Circumstances peculiar to this case prompt us to decline to pursue this suggestion. The child whose paternity was involved was eleven years old when the action was brought. Section 16 of the applicable statute provides: “No prosecution under this Act shall be brought after two years from the birth of such child: Provided, that where the reputed father has. acknowledged in open court the paternity of the child, then, and in such case, prosecution may be brought at any time within two years from the last time such acknowledgment of paternity by the reputed father was made: * * (Ill. Rev. Stat. 1953, chap, 17, par, 16.) *82This provision is a condition of the right to maintain the statutory action; it is not a statute of limitations. (People ex rel. Hackspiel v. Adamick, 230 Ill. App. 585, 587; cf. Hartray v. Chicago Railways Co., 290 Ill. 85, 87.) The statute clearly contemplates that the acknowledgment of paternity in open court is to precede the institution of the action. In this case there is neither allegation nor proof of any prior acknowledgment; the only acknowledgment is that which was elicited from the defendant upon questioning by the trial judge after the complaint had been filed.

In this case, moreover, the defendant questions, on due process grounds, the basic fairness of the proceedings against him. The defendant, who had an eighth grade education, was ordered to appear at the office of the State’s Attorney under threat of arrest. He did so, and there he signed a form printed at the foot of the complaint, which recited that he waived his right to examine the plaintiff, his right to a blood test and his right to a jury trial. He was then taken to the chambers of the circuit judge. There the complaint was read aloud to him by the judge, he signed a document acknowledging paternity of the child, and judgment was entered against him.

No court reporter was present in the State’s Attorney’s office or in the judge’s chambers, and the testimony as to just what occurred is conflicting. The record does not suggest, however, that the defendant was at any time advised of his right to consult an attorney, or afforded an opportunity to do so. Nor does it appear that he was advised of the significance of the rights that he waived or of-the jurisdictional defects in the complaint. The entire proceeding, which commenced with a direction to the defendant to appear at the prosecutor’s office under threat of arrest, continued, apparently without interruption, until it was terminated by the entry of judgment against the defendant.

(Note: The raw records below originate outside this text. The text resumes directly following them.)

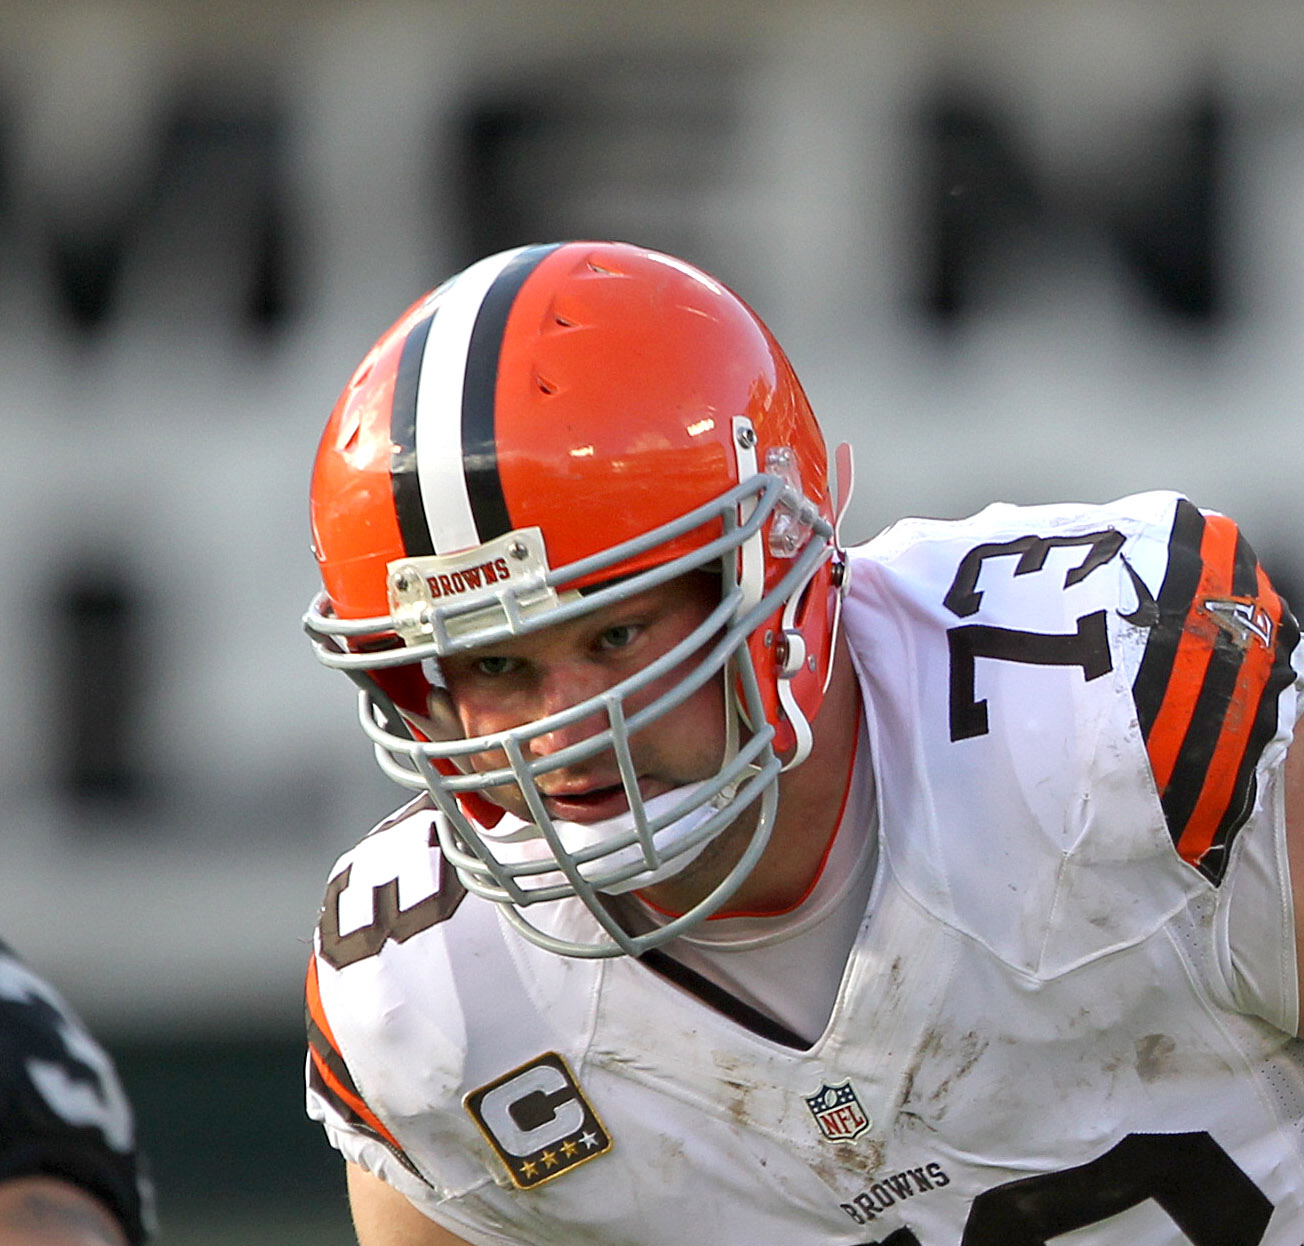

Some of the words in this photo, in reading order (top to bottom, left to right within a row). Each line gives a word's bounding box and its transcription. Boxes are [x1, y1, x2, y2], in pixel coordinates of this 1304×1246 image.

[426, 558, 510, 598] BROWNS
[943, 526, 1128, 744] 73
[480, 1065, 585, 1157] C
[820, 1106, 864, 1136] NFL
[840, 1162, 950, 1225] BROWNS

Because the action was prosecuted under an inapplicable Statute, and because jurisdiction did not exist under the *83applicable statute, it is unnecessary to consider the constitutionality of the Paternity Act or to decide the serious questions that have been raised as to the fundamental fairness of the proceeding.

The judgment of the circuit court of Winnebago County finding defendant in contempt and ordering him to make support payments is reversed, and the cause is remanded to that court with directions to grant the motion to vacate the judgment of July 27, 1965, and to dismiss the action for want of jurisdiction.